Here some of the common sources of ESI in business today that might be discoverable in litigation cases:

  • Office and Email Files: This has been a traditional source of ESI in many cases for years. But where the office and email files are coming from is changing – for many organizations today, it’s coming from cloud-based Office solutions, such as M365 and G-Suite.  Even the traditional sources are changing.

  • Enterprise Systems: Office and email are one example of an enterprise system, but there are numerous other examples from which relevant ESI may need to be collected.  We could write a blog post just on this category alone (hey, great idea!), and here are a few examples of potentially discoverable enterprise systems:

    • Document Management Systems (DMS): Organizations have been using DMS solutions like SharePoint and Google Drive for years. Has anything changed? Yes – the tendency to link to files within DMS solutions instead of attaching to them in emails has complicated the traditional email-attachment “family” in eDiscovery, because the “child” is in another solution instead of embedded within the email.
    • Customer Relationship Management (CRM): CRM and marketing solutions like SalesForce and HubSpot can be discoverable, especially in cases involving former employees and potential misappropriation of customer lists when they leave for a competitor.
    • Human Resource (HR): HR solutions like ADP Workforce Now and Workday HCM could be discoverable in employment discrimination cases where performance reviews and raises could be central to the issues in the case.
    • Accounting Software: Financial information for the company could be discoverable from accounting software solutions, such as SAP or QuickBooks.  Deciding the form of production may require some discussion and negotiation as some cases merit financial reports generated from the platform, while others may necessitate a “data dump” from the database.
    • Business Intelligence (BI): BI platforms are also increasingly discoverable as more organizations analyze their data.  Platforms like Microsoft Power BI, Tableau and Oracle BI have important organization data that could be discoverable.  Again, form of production – to determine whether reports or a data dump is appropriate – may require some discussion and negotiation.
  • Mobile Devices: Who doesn’t have a mobile device these days, or correspond with work colleagues over text about business items?  Mobile devices are regularly discoverable these days for text messages and can be discoverable for a variety of other sources of ESI, including photos, videos, geolocation data and more.  Here’s one case that illustrates it’s importance.
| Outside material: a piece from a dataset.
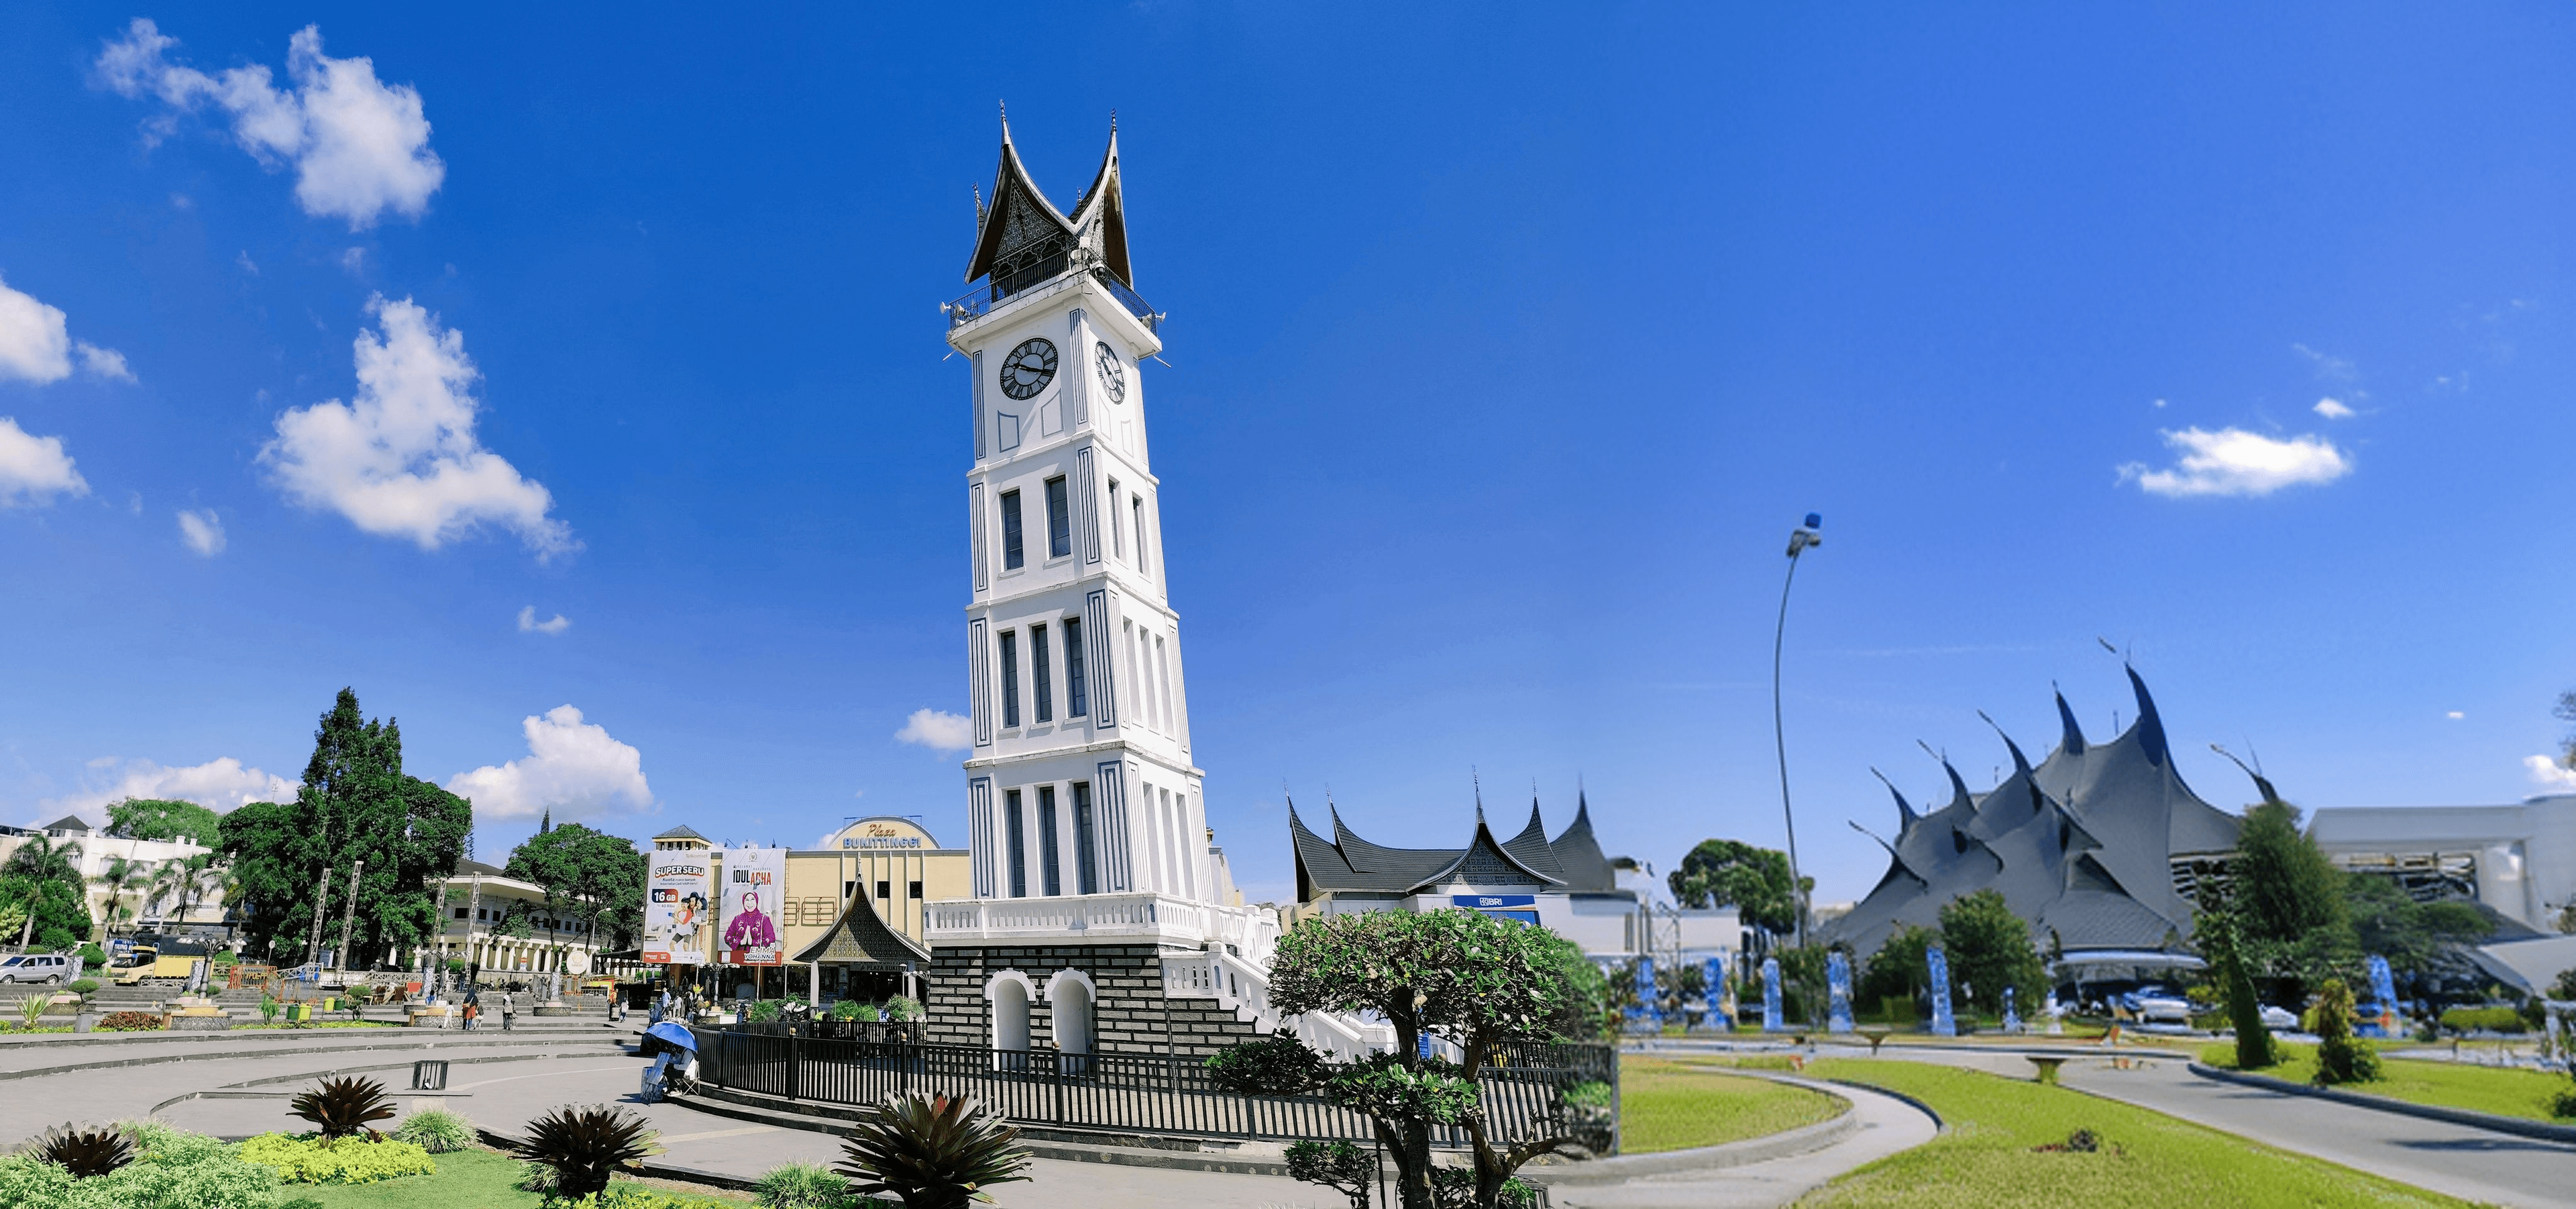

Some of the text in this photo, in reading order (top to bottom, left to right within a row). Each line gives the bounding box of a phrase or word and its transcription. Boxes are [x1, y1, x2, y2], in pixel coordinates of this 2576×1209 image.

[867, 824, 896, 837] Plaza
[843, 837, 922, 849] BUKITTINGGI
[733, 870, 750, 883] IDUL
[654, 891, 665, 902] 16
  • Collaboration and Chat Apps: What organization doesn’t use these today?  Especially since the pandemic, usage of Slack, Teams and Zoom has skyrocketed and there are many other apps in use by organizations, including ephemeral messaging apps like Snapchat and Signal.  These have become a staple of business communications in recent years and are regularly discoverable.

  • Social Media and Websites: While social media is more often discoverable from individual plaintiffs, there are cases where corporate social media channels could contain discoverable data.  Website content (current and archived) can also be discoverable, as we saw in this case.
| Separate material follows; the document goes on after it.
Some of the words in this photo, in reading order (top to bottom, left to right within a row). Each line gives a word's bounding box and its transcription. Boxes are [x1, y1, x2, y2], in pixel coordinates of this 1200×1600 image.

  • Audio and Video Files: While often included in other ESI sources (such as mobile devices and collaboration apps), these files merit special mention because of the unique challenges associated with responsiveness determination of these sources and we’re seeing a much larger number of them because of the popularity of mobile devices and the increased proliferation of recorded web meetings on platforms like Zoom and Teams.

  • Source Code/Proprietary Solutions: Even source code and other objects associated with proprietary solutions can be discoverable these days – especially in intellectual property cases.  ESI from source code management tools like Git and Team Foundation Server (that provide version tracking) could certainly be discoverable in these types of cases.


As a reminder, these are common sources of ESI in businesses today, which means that they are likely discoverable as well. There are plenty of others that could be discoverable as well, depending on the type of case and the ESI that could be at issue.

Regardless, when considering what type of ESI to collect for litigation, start by considering what applications your business uses. If your business is using them, there’s a good chance your client’s business is using them too, which makes them potentially discoverable for litigation. Each source of ESI requires a unique approach to discovery to ensure evidence authentication, so it’s important to work with professionals who understand best practices for collecting from each source.